▸ **WHAT YOU WILL DO**
Restate the data below word for word, omitting pictures.
^^^^^^^^^^^^^^^^
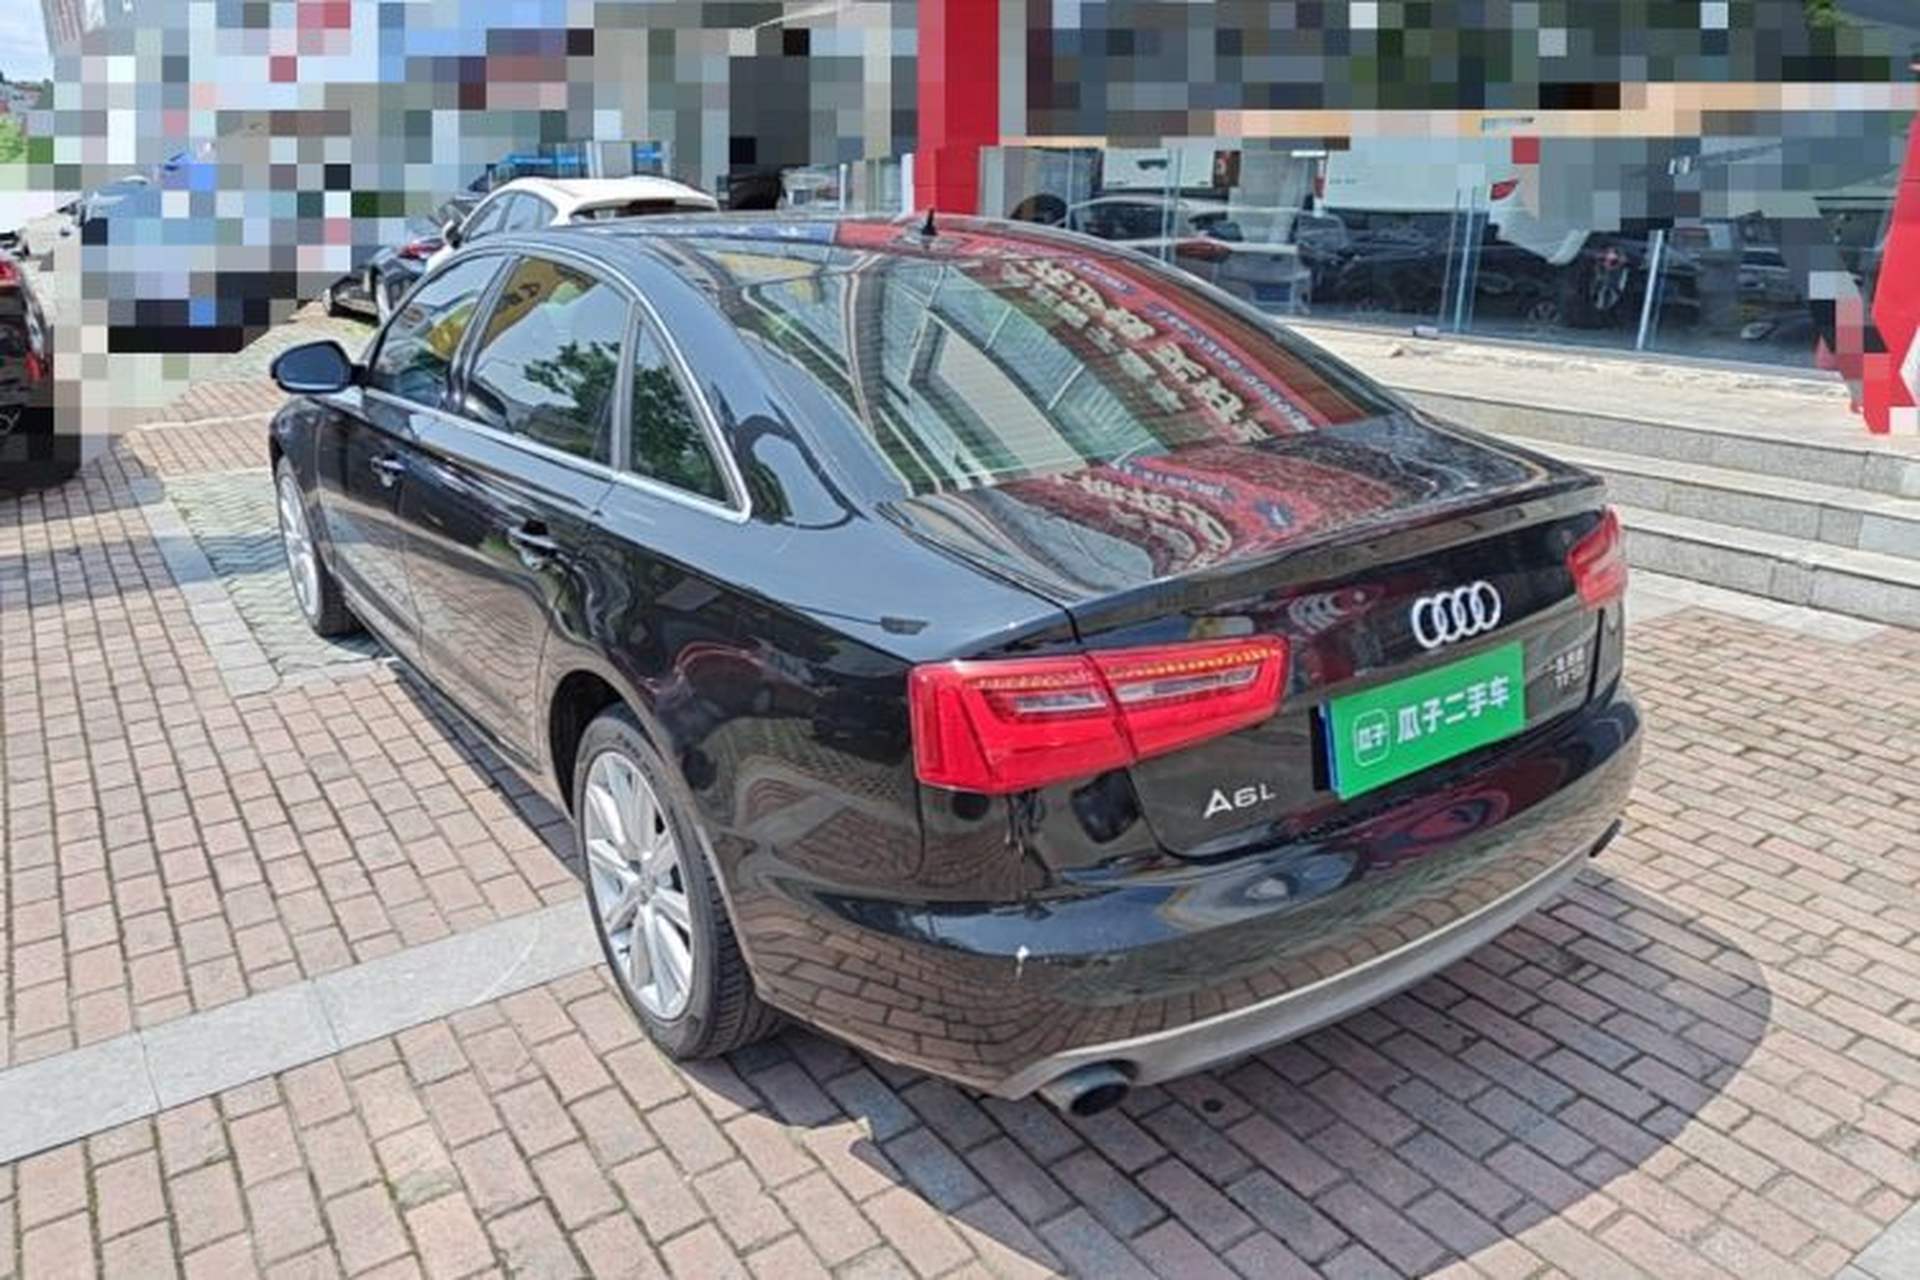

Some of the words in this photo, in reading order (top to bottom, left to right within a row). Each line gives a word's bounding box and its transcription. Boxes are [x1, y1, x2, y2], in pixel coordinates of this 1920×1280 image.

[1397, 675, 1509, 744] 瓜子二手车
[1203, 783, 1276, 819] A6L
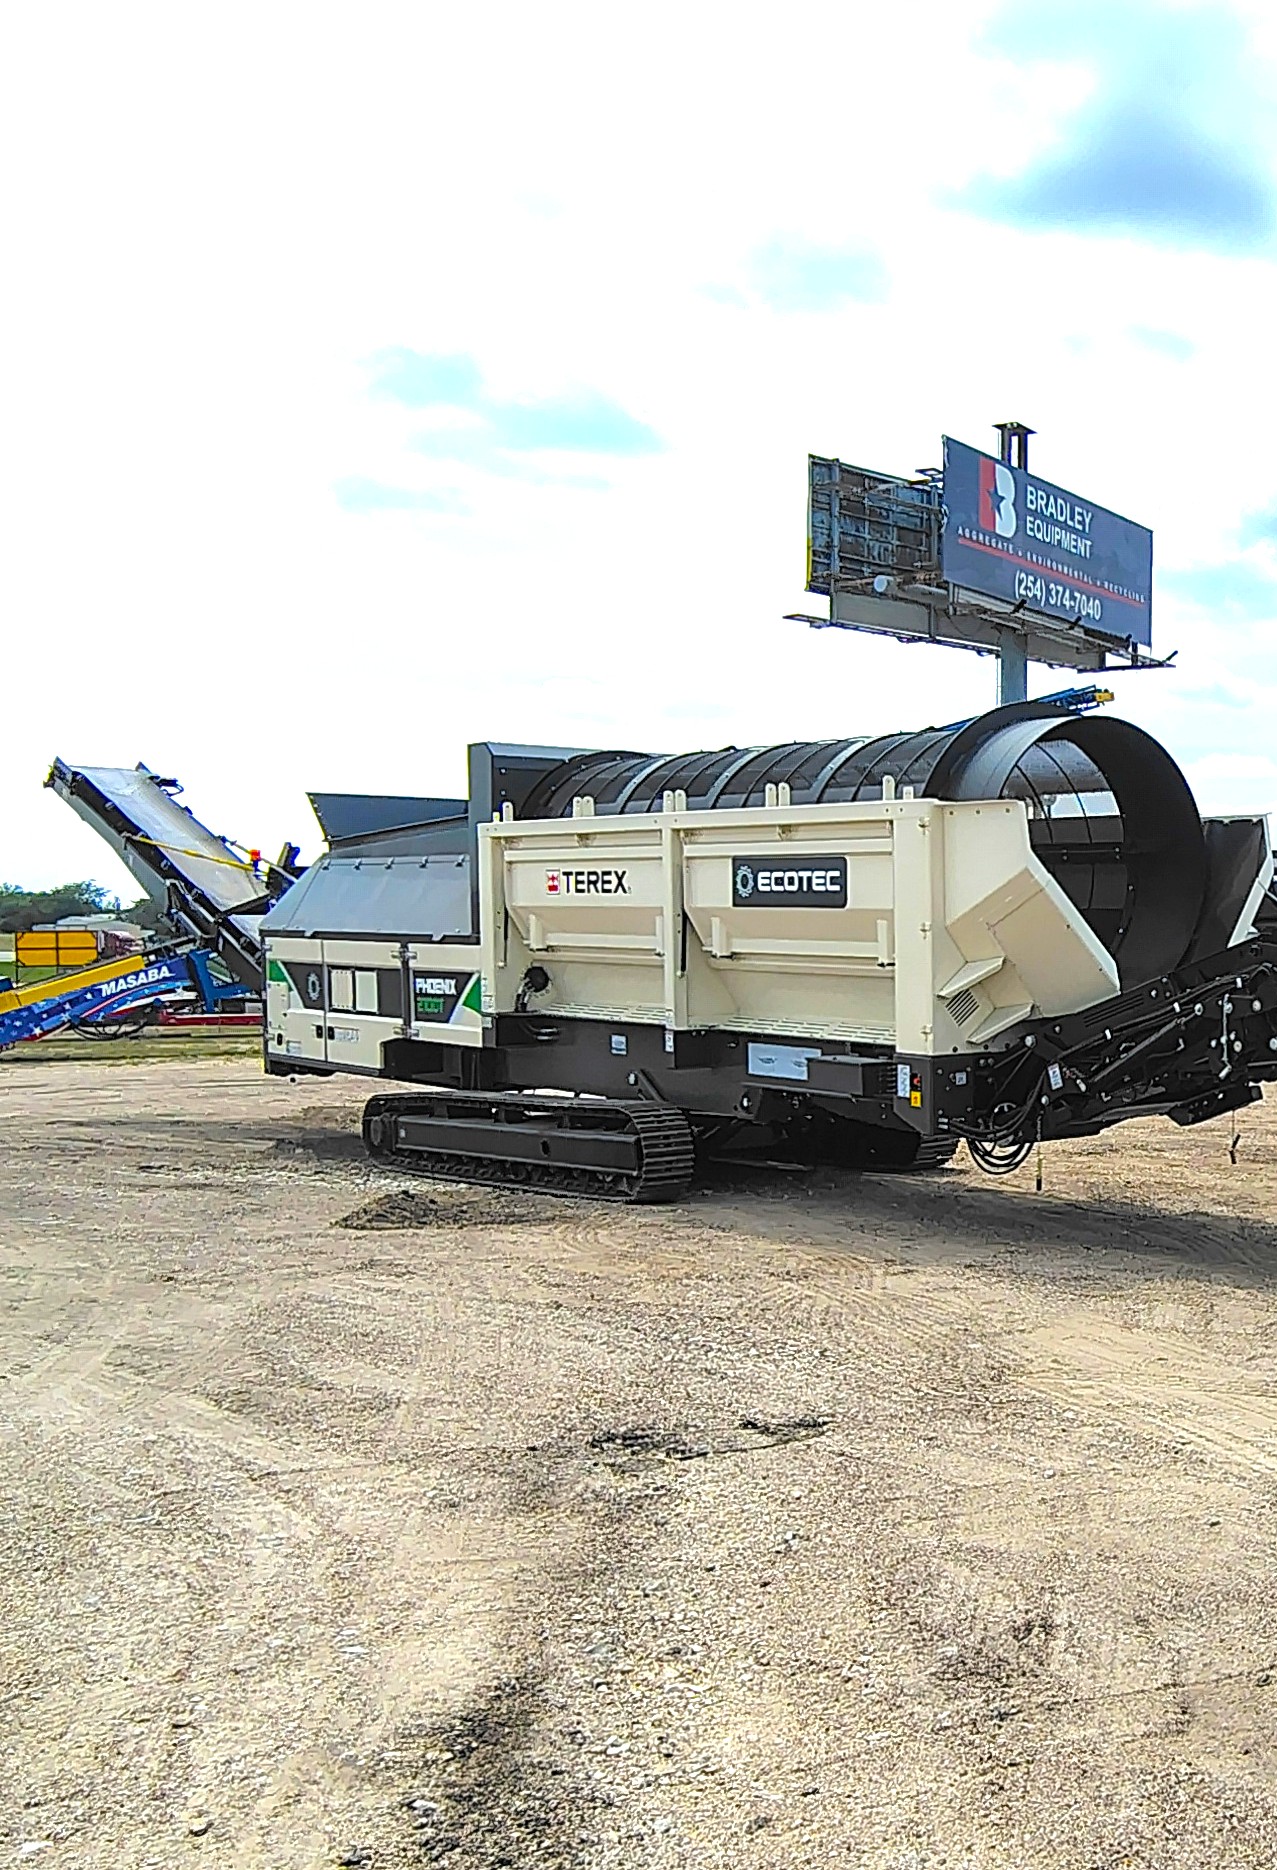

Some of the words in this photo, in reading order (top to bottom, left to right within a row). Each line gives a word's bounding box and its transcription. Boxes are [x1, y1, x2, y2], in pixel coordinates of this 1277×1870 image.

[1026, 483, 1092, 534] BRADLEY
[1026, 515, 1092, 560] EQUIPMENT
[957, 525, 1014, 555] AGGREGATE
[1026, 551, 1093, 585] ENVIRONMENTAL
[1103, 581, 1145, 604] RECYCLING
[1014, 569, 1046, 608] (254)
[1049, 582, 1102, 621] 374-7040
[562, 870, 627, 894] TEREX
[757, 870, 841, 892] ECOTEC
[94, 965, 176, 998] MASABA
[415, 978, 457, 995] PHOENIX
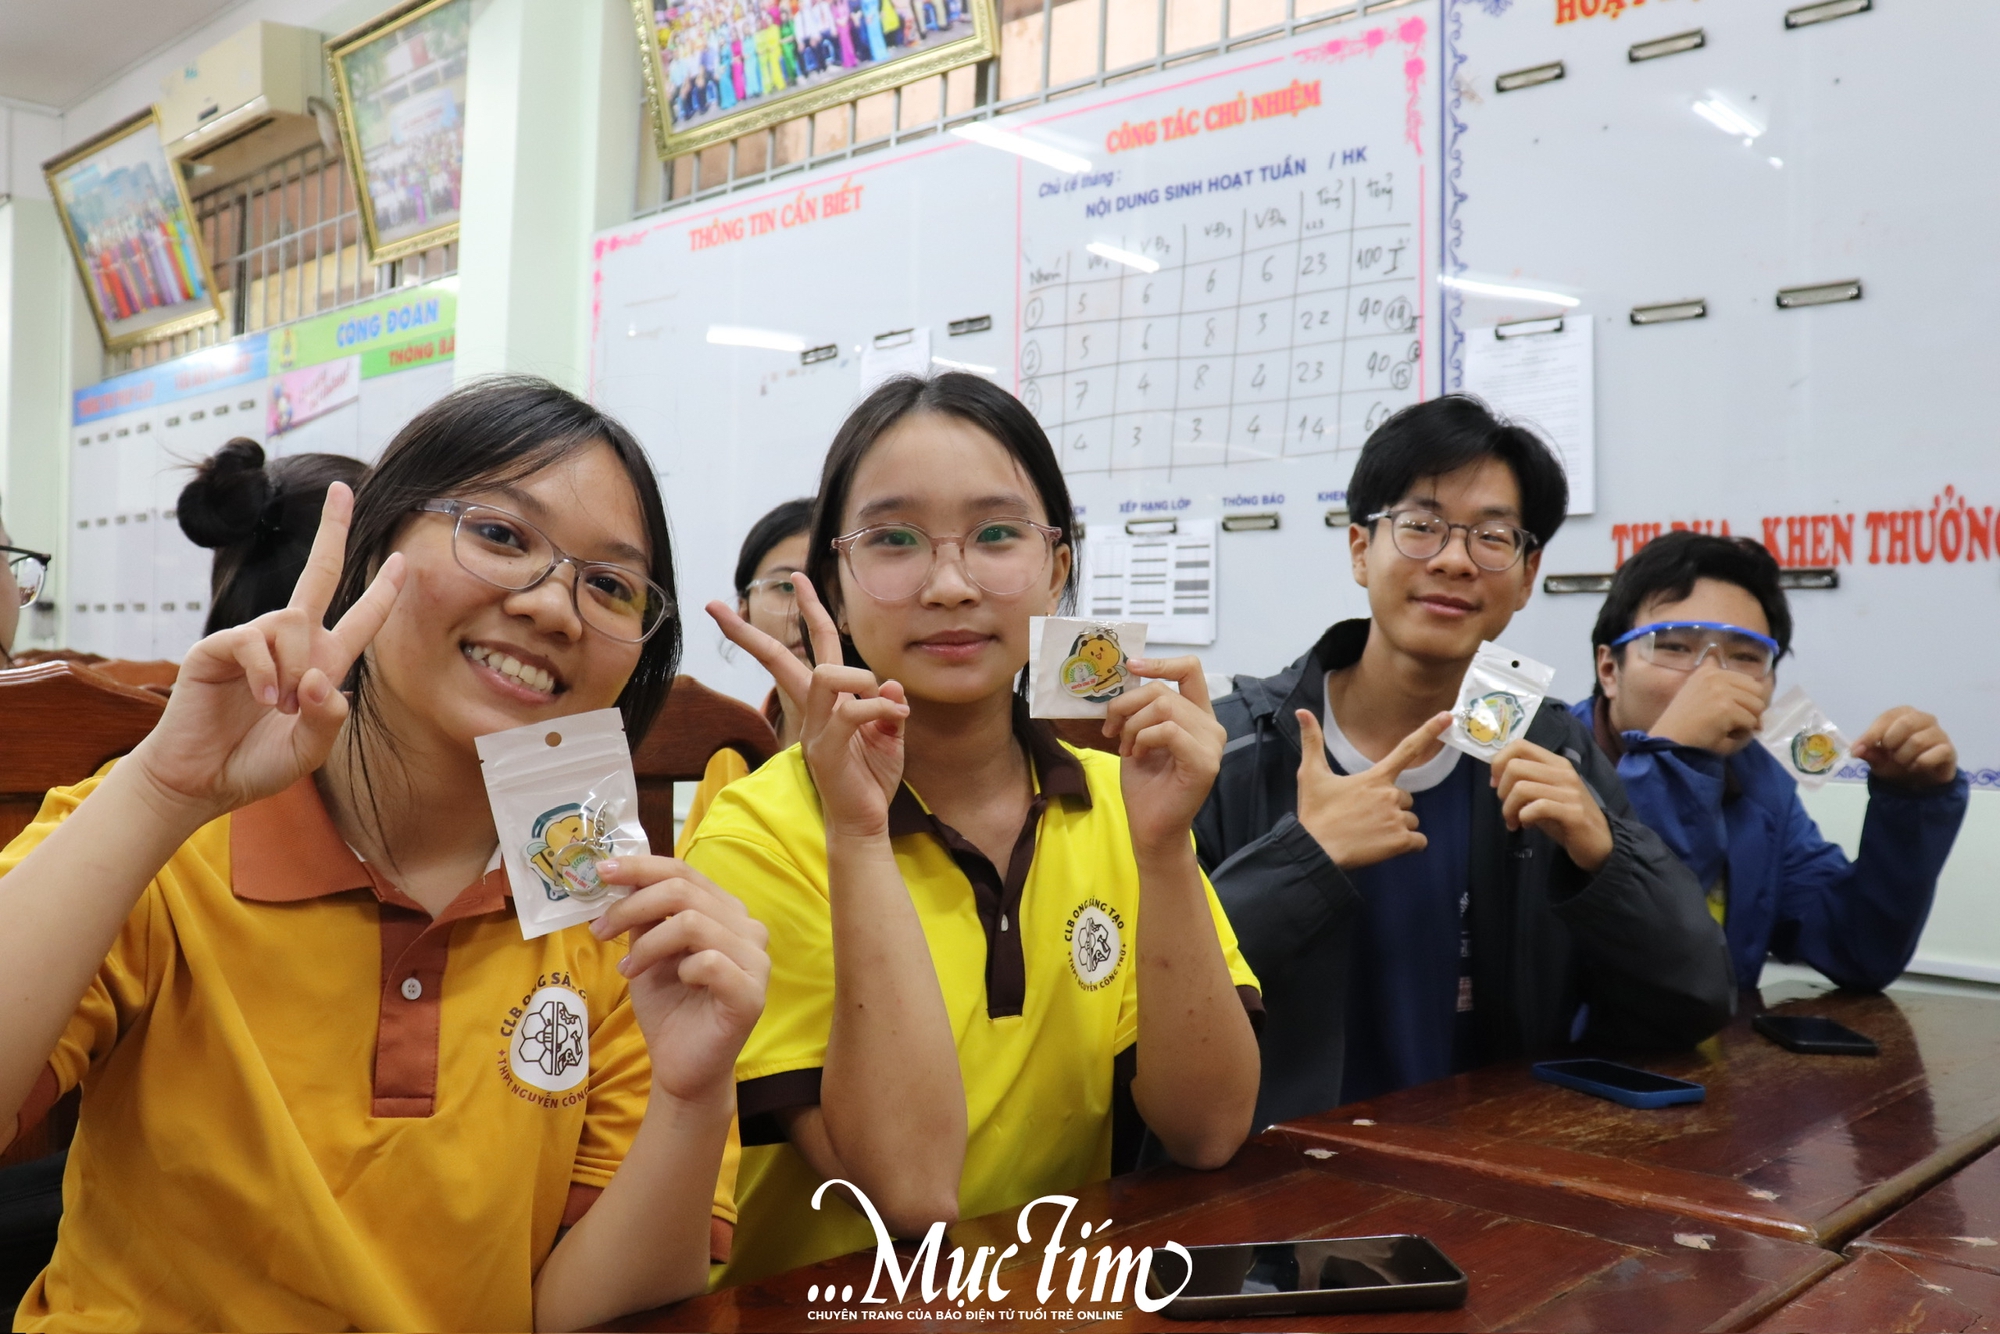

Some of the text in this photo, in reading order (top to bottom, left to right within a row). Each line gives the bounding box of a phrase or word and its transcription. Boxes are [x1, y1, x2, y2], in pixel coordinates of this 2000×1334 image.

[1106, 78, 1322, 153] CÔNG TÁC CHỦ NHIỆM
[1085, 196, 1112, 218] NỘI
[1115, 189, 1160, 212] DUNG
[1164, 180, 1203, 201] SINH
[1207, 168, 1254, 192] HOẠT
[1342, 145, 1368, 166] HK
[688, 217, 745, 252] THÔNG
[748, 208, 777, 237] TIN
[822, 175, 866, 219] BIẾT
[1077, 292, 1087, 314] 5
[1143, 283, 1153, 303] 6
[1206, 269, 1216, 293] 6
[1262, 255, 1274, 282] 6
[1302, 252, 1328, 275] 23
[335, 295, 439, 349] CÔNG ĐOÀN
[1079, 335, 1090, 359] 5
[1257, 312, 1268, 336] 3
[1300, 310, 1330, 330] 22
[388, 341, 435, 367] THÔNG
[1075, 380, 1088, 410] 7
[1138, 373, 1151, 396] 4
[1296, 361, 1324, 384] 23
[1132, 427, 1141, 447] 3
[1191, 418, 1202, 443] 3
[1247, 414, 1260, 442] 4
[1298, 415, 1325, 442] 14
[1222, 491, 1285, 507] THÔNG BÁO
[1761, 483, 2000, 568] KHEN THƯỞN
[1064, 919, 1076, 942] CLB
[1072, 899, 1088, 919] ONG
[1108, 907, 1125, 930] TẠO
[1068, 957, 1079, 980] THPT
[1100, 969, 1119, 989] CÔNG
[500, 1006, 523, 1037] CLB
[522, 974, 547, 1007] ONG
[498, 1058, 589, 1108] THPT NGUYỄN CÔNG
^^^^^^^^^^^^^^^^
▸ **SOLUTION TO THIS PROBLEM**
Some of the words in this photo, in reading order (top to bottom, left to right within a row). Each line gives a word's bounding box and its transcription. Boxes are [x1, y1, x2, y2], in pixel coordinates of this 1920×1280 image.

[1397, 675, 1509, 744] 瓜子二手车
[1203, 783, 1276, 819] A6L

Some of the words in this photo, in reading order (top to bottom, left to right within a row). Each line gives a word's bounding box and its transcription. Boxes are [x1, y1, x2, y2], in pixel coordinates of this 1277×1870 image.

[1026, 483, 1092, 534] BRADLEY
[1026, 515, 1092, 560] EQUIPMENT
[957, 525, 1014, 555] AGGREGATE
[1026, 551, 1093, 585] ENVIRONMENTAL
[1103, 581, 1145, 604] RECYCLING
[1014, 569, 1046, 608] (254)
[1049, 582, 1102, 621] 374-7040
[562, 870, 627, 894] TEREX
[757, 870, 841, 892] ECOTEC
[94, 965, 176, 998] MASABA
[415, 978, 457, 995] PHOENIX

Some of the text in this photo, in reading order (top to bottom, left to right within a row). Each line gives the bounding box of a phrase or word and its transcription. Boxes are [x1, y1, x2, y2], in pixel coordinates of this 2000×1334 image.

[1106, 78, 1322, 153] CÔNG TÁC CHỦ NHIỆM
[1085, 196, 1112, 218] NỘI
[1115, 189, 1160, 212] DUNG
[1164, 180, 1203, 201] SINH
[1207, 168, 1254, 192] HOẠT
[1342, 145, 1368, 166] HK
[688, 217, 745, 252] THÔNG
[748, 208, 777, 237] TIN
[822, 175, 866, 219] BIẾT
[1077, 292, 1087, 314] 5
[1143, 283, 1153, 303] 6
[1206, 269, 1216, 293] 6
[1262, 255, 1274, 282] 6
[1302, 252, 1328, 275] 23
[335, 295, 439, 349] CÔNG ĐOÀN
[1079, 335, 1090, 359] 5
[1257, 312, 1268, 336] 3
[1300, 310, 1330, 330] 22
[388, 341, 435, 367] THÔNG
[1075, 380, 1088, 410] 7
[1138, 373, 1151, 396] 4
[1296, 361, 1324, 384] 23
[1132, 427, 1141, 447] 3
[1191, 418, 1202, 443] 3
[1247, 414, 1260, 442] 4
[1298, 415, 1325, 442] 14
[1222, 491, 1285, 507] THÔNG BÁO
[1761, 483, 2000, 568] KHEN THƯỞN
[1064, 919, 1076, 942] CLB
[1072, 899, 1088, 919] ONG
[1108, 907, 1125, 930] TẠO
[1068, 957, 1079, 980] THPT
[1100, 969, 1119, 989] CÔNG
[500, 1006, 523, 1037] CLB
[522, 974, 547, 1007] ONG
[498, 1058, 589, 1108] THPT NGUYỄN CÔNG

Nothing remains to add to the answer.